Tannenbaum arrived a few minutes later. He flashed his badge to the doorman, then joined Frank in the lobby.
“You’re punctual, Frank,” he said. “That’ll get you a long way with Midtown North.” He walked hurriedly to the elevator. “She lived on the fourteenth floor. Apartment A.”
A strip of yellow paper with black lettering hung across the door: DO NOT ENTER CRIME SCENE. Tannenbaum inserted the key, opened the door, then leaned under the paper and walked into the apartment.
Frank followed along behind him.
“Well, this is it,” Tannenbaum said, as Frank joined him in the foyer. “It’s a mess, of course. It always is with this kind of thing.”
A few yards beyond the small foyer, Frank could see the thin slants of grayish light that came through the nearly closed louver blades.
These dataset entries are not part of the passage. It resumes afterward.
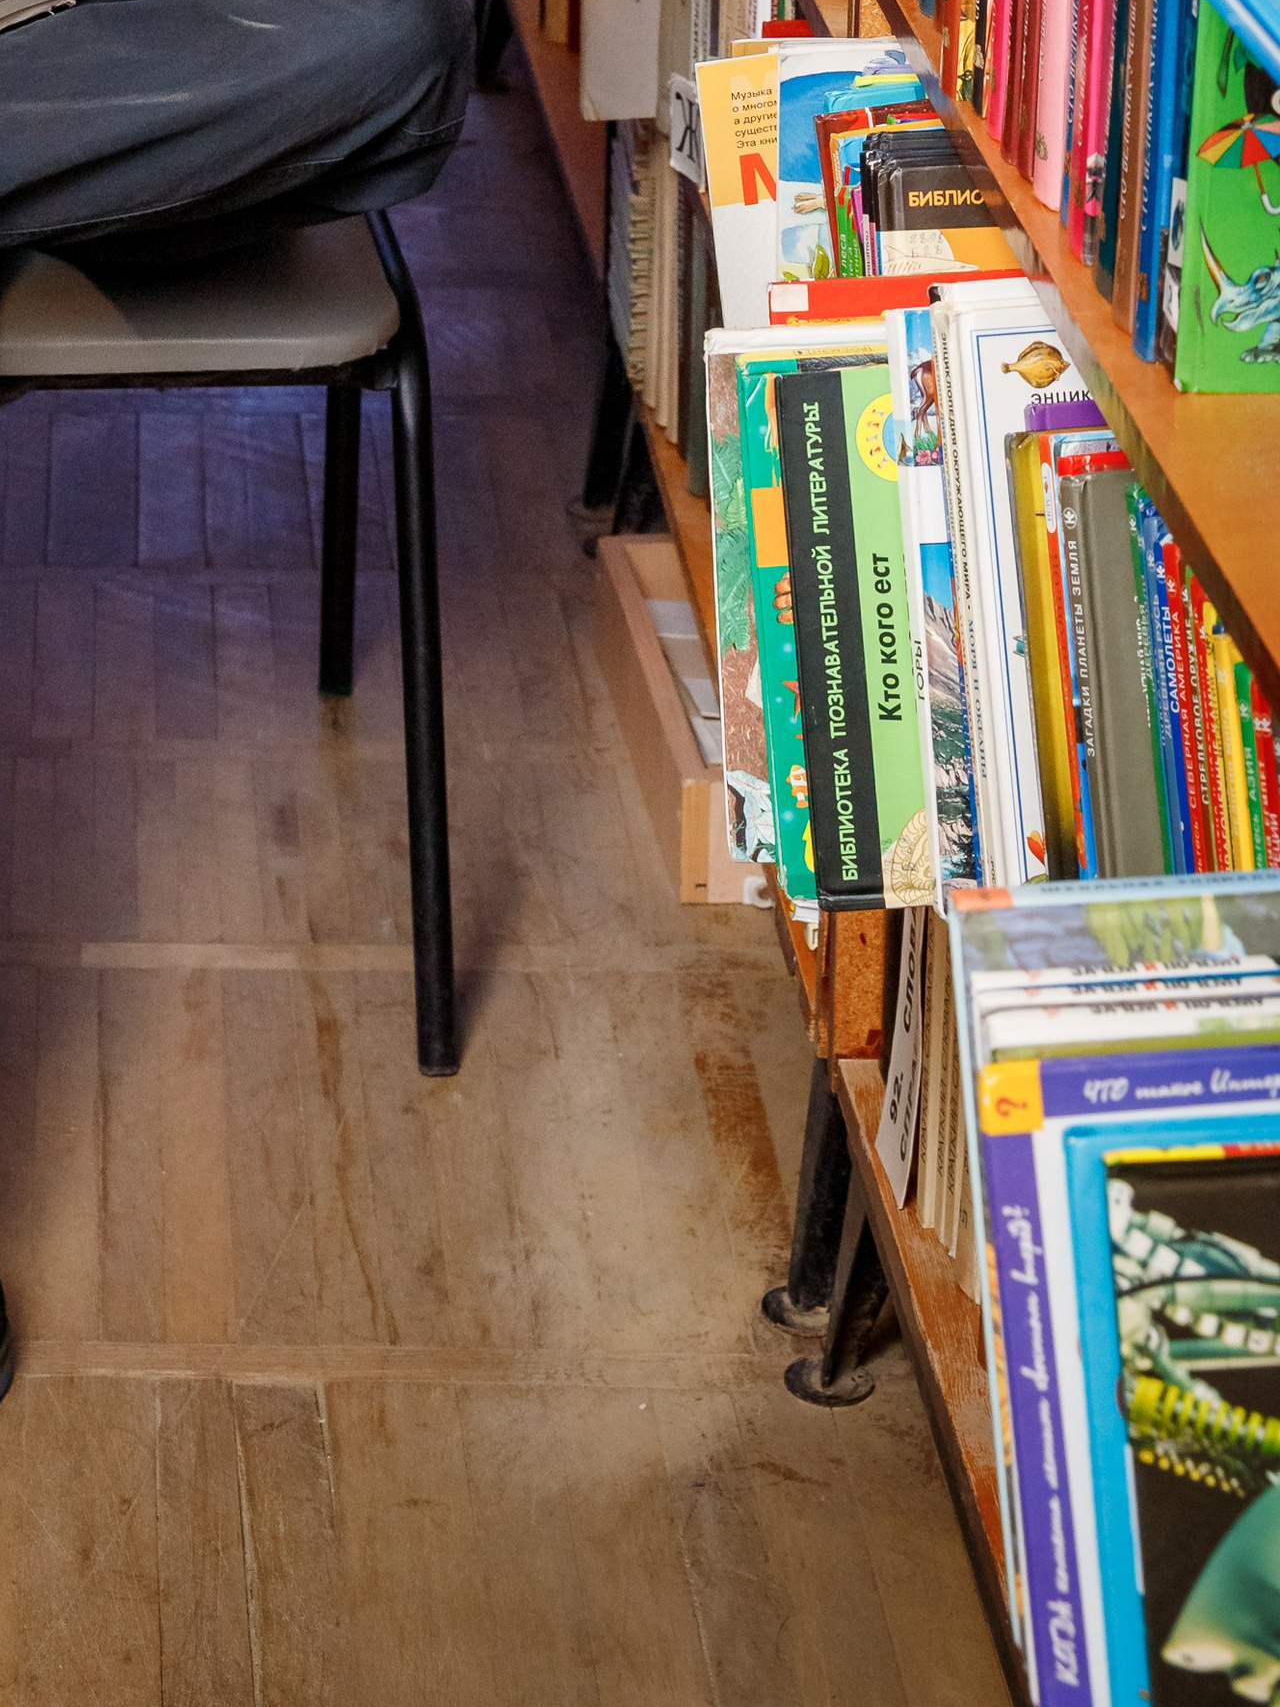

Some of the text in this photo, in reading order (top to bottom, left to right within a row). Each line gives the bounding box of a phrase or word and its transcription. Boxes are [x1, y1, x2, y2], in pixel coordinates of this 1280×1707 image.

[731, 88, 773, 101] Музыка
[732, 105, 739, 113] о
[733, 117, 740, 125] а
[1067, 85, 1075, 123] СТО
[1122, 81, 1133, 173] ВЕЛИКИХ
[1144, 78, 1155, 181] ВЕЛИКИХ
[736, 137, 756, 149] Эта
[940, 332, 958, 447] ЭНЦИКЛОПЕДИЯ
[950, 448, 969, 558] ОКРУЖАЮЩЕГО
[959, 560, 972, 600] МИРА
[805, 401, 860, 881] БИБЛИОТЕКА ПОЗНАВАТЕЛЬНОЙ ЛИТЕРАТУРЫ
[871, 553, 902, 722] Кто кого ест
[912, 639, 925, 702] ГОРЫ
[1067, 539, 1096, 757] ЗАГАДКИ ПЛАНЕТЫ ЗЕМЛЯ
[1161, 606, 1181, 714] САМОЛЕТЫ
[1171, 611, 1198, 809] СЕВЕРНАЯ АМЕРИКА
[1192, 694, 1210, 805] СТРЕЛКОВОЕ
[1243, 746, 1258, 802] АЗИЯ
[889, 1072, 904, 1125] 92.
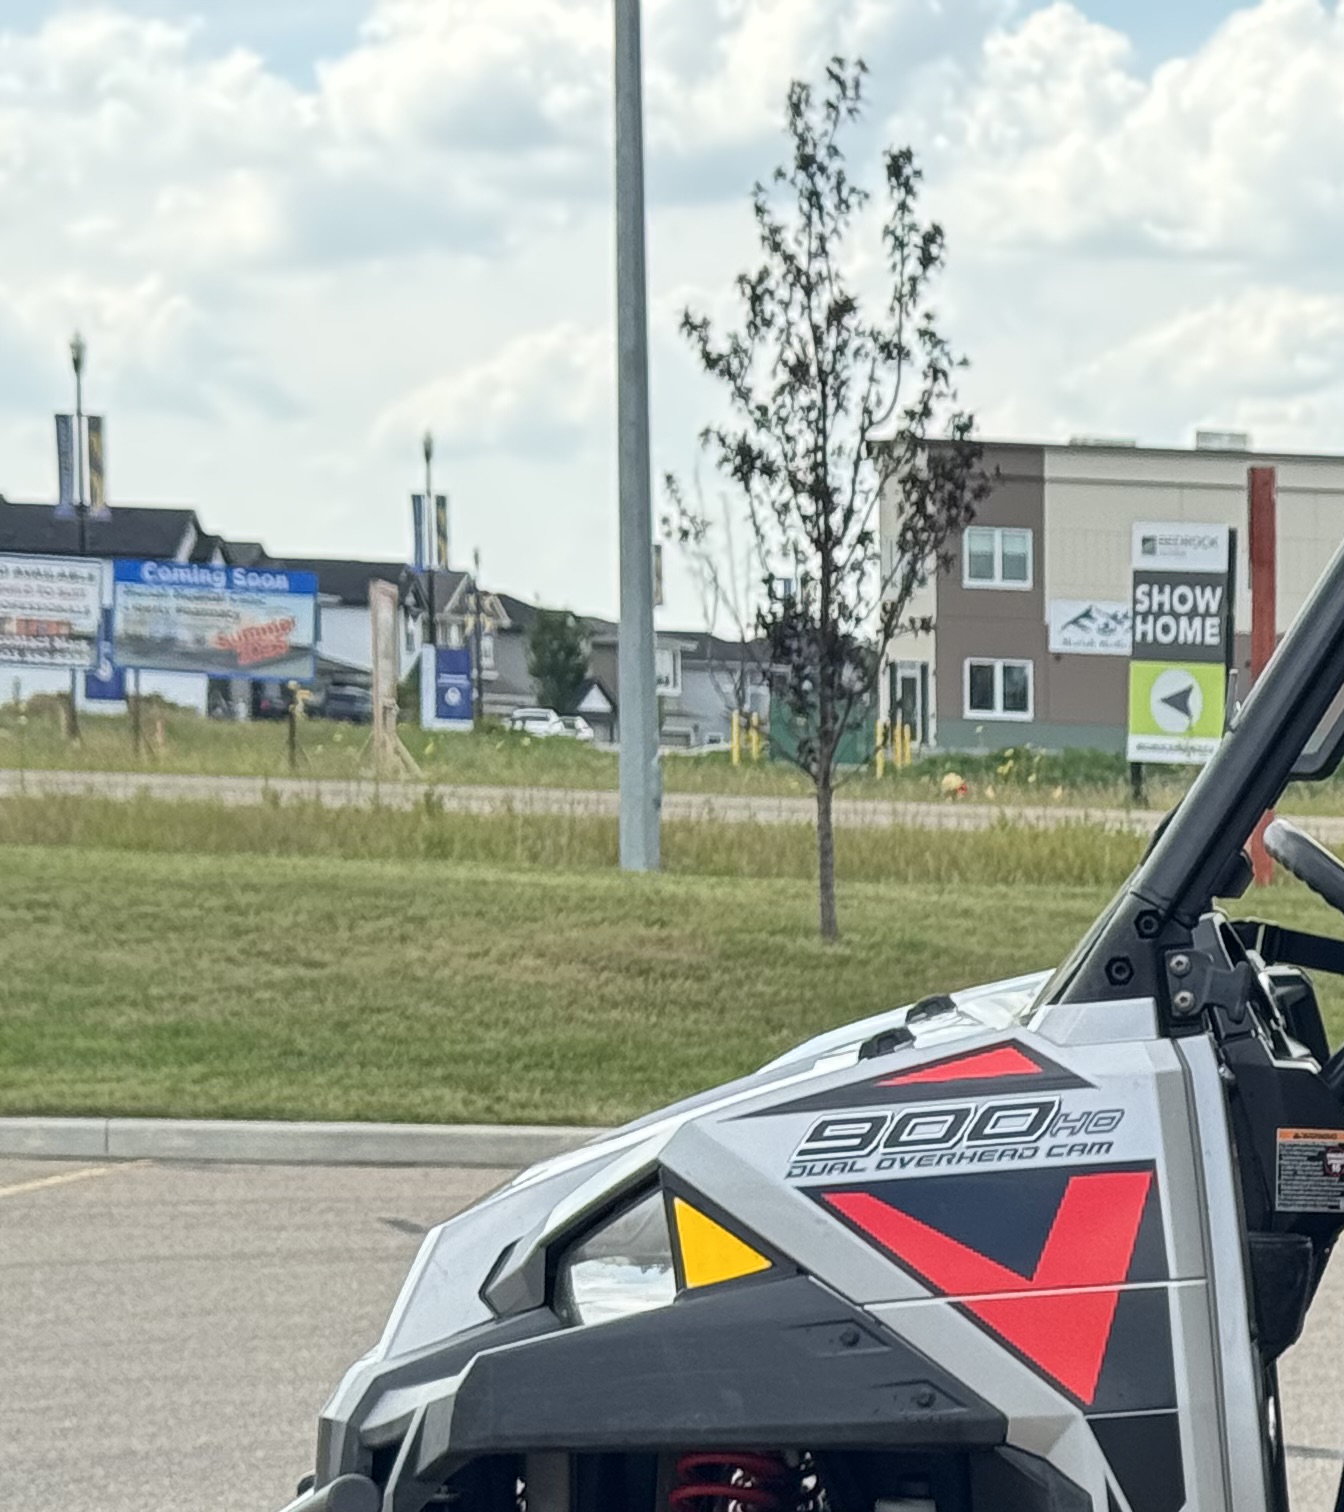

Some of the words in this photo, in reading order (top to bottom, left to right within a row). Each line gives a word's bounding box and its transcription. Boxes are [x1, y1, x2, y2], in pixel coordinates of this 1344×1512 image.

[140, 561, 226, 589] Coming
[232, 566, 289, 591] Soon
[1135, 583, 1223, 614] SHOW
[1135, 615, 1221, 645] HOME
[789, 1094, 1062, 1163] 900
[784, 1160, 867, 1180] DUAL
[873, 1145, 1040, 1172] OVERHEAD
[1044, 1140, 1115, 1157] CAM
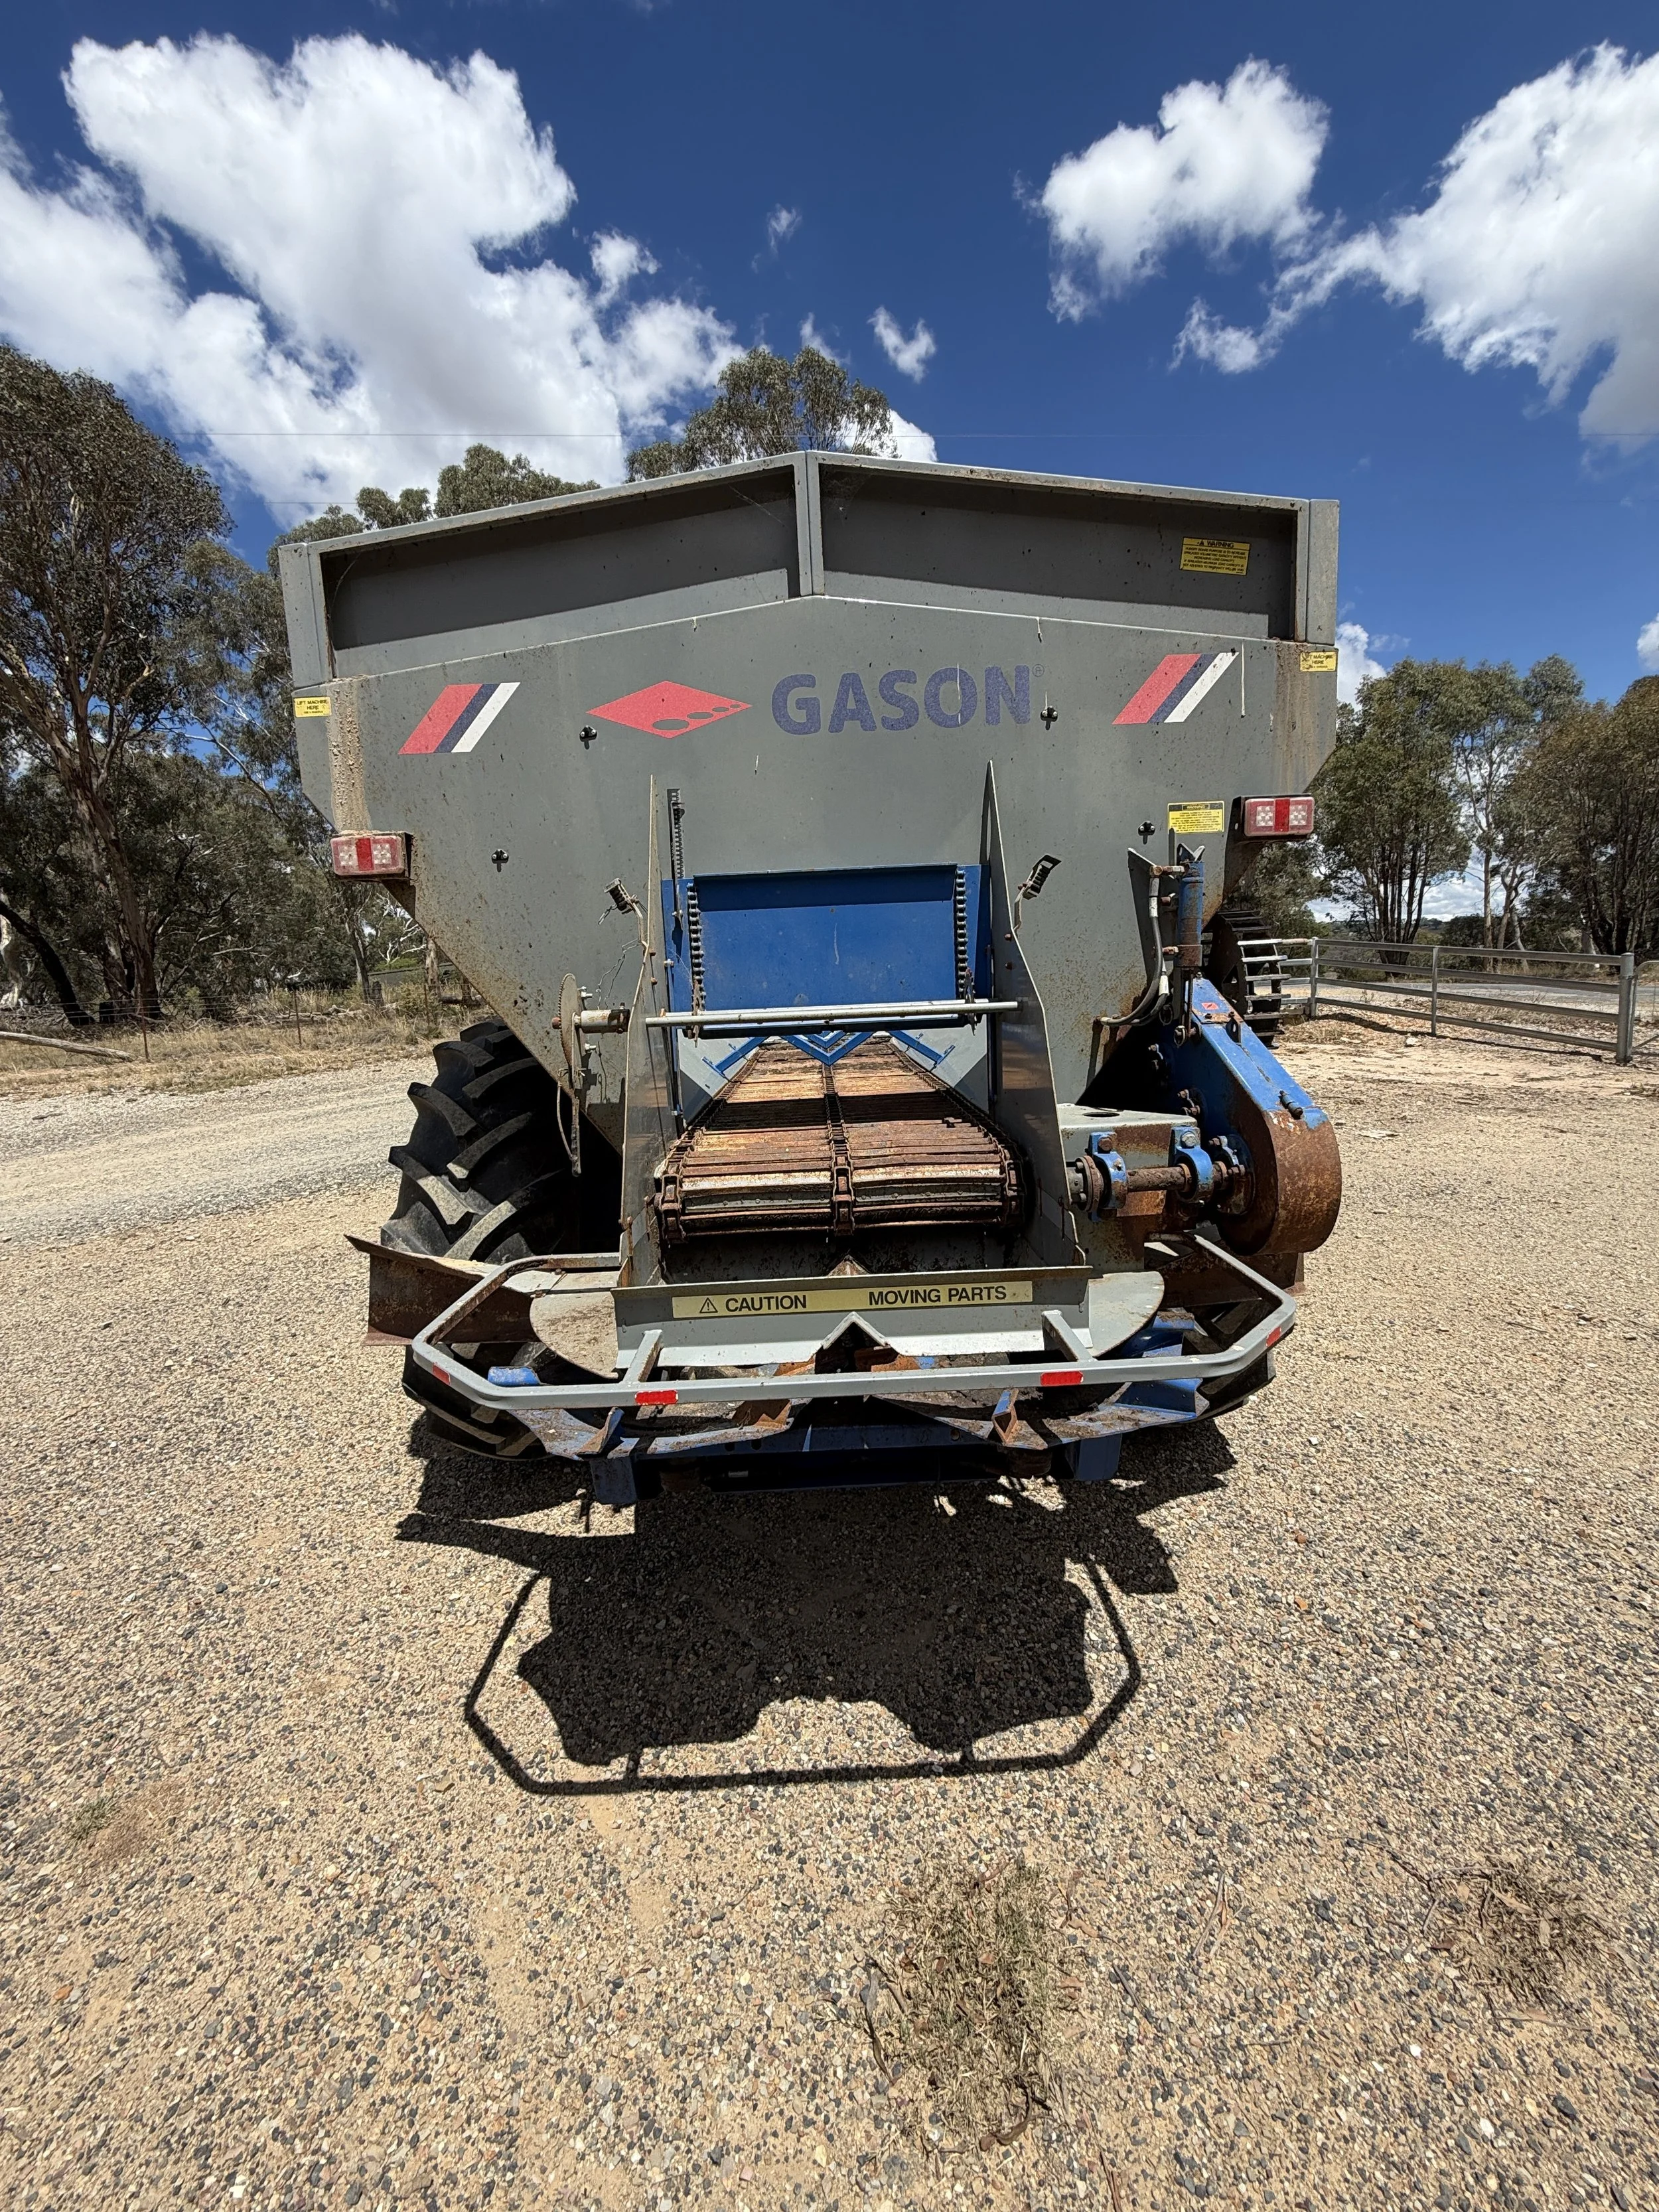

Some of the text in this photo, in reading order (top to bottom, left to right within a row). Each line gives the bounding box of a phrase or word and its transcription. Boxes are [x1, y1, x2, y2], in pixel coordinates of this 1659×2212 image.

A line of reddish stains ran in a rough diagonal across the dark brown blades, and as Frank’s eyes drifted downward he saw a large pool of dried blood which spread out across the carpet only a few feet from the window. The figure of a body had been drawn around the stain in white chalk, and from its position relative to the stain, it was obvious that Hannah Karlsberg had died of wounds to her throat and chest.
Tannenbaum strode into the living room, stopping just to the right of the chalk outline. “Did you notice the door?” he asked, as he turned back to Frank.
“You mean the jimmy marks?” Frank asked.
“That’s right,” Tannenbaum said. “Very crude. I mean, not exactly what you’d call a cat burglar.”
“Were both locks jimmied?”
“No, just the bottom one,” Tannenbaum said. “We figure the top one wasn’t bolted.” He shrugged. “Who knows why?”
“Is there any other entrance?”
Tannenbaum shook his head. “Just the fire escape outside her bedroom window, but it looks clean. Her window was locked. No marks outside it. Looks like he just got lucky with that bottom lock.”
Frank walked slowly into the living room. Earlier, in his office, he had imagined an overturned chair and a shattered lamp. Instead, he saw an overturned magazine rack and a heavy glass coffee table whose top had been knocked off its deep green marble stand.
“Looks like she fell into it,” Tannenbaum said as he stepped gingerly over the edge of the table. “There were blood stains and small pieces of flesh on one corner.” He glanced about the room, his eyes taking in the pattern of blood drops that dotted it. “She moved around a little,” he said. “You can tell that from the walls.”
All four of them had been splattered with blood, along with the ceiling. The knife, in its flight, had sent arcs of blood high over the killer’s head, and some of it had reached the high speckled ceiling which now looked down upon the even bloodier scene below.
Frank walked to the far right of the room and nodded toward the corridor that led back into the remaining rooms of the apartment. “Anything back there?” he asked.
“No,” Tannenbaum said. “It’s clean as a whistle.”
Frank said nothing, and Tannenbaum looked at him curiously. “Want to see the rest of the place?” he asked.
“Yeah.”
“Follow me.”
Tannenbaum turned swiftly and led Frank down the corridor and into the back bedroom. The bed was made up neatly.
“She must have been up late that night,” Frank said as his eyes moved over the bed. He looked at Tannenbaum. “Did you notice the number of cigarettes in the ashtray in the living room?”
Tannenbaum pointed to another ashtray which rested on the small white table beside the bed. “That one’s full, too. Same brand as the pack we found on the floor of the living room.”
“Was it her brand?”
“We checked that out. It was.”
“She had emphysema,” Frank said. “Had she always smoked like that?”
“We hear she’d been trying to quit,” Tannenbaum said. His eyes lingered on the ashtray. “Looks to me like she was a little nervous that night.” He shook his head. “If she were a younger woman, I’d figure some sort of romantic problem, you know. Maybe she was waiting for her married lover, something like that. Maybe they had words. Things can get very nasty in a situation like that.”
Frank nodded.
Tannenbaum walked to the bedroom window, parted the blinds and peered out. “Of course, the jimmy marks wouldn’t go with that theory,” he said. “But still, when I saw the bed all made up, despite the fact that she died early in the morning, I thought that it could have been someone she knew.” He turned back to Frank. “I mean, people don’t wait up for psychos.”
“Not the ones they don’t know, at least,” Frank said.
Tannenbaum laughed. “But the way I see it now, she was maybe dozing on the bed while the guy was trying to get in.”
Frank looked at him doubtfully. “Wouldn’t she have heard it?”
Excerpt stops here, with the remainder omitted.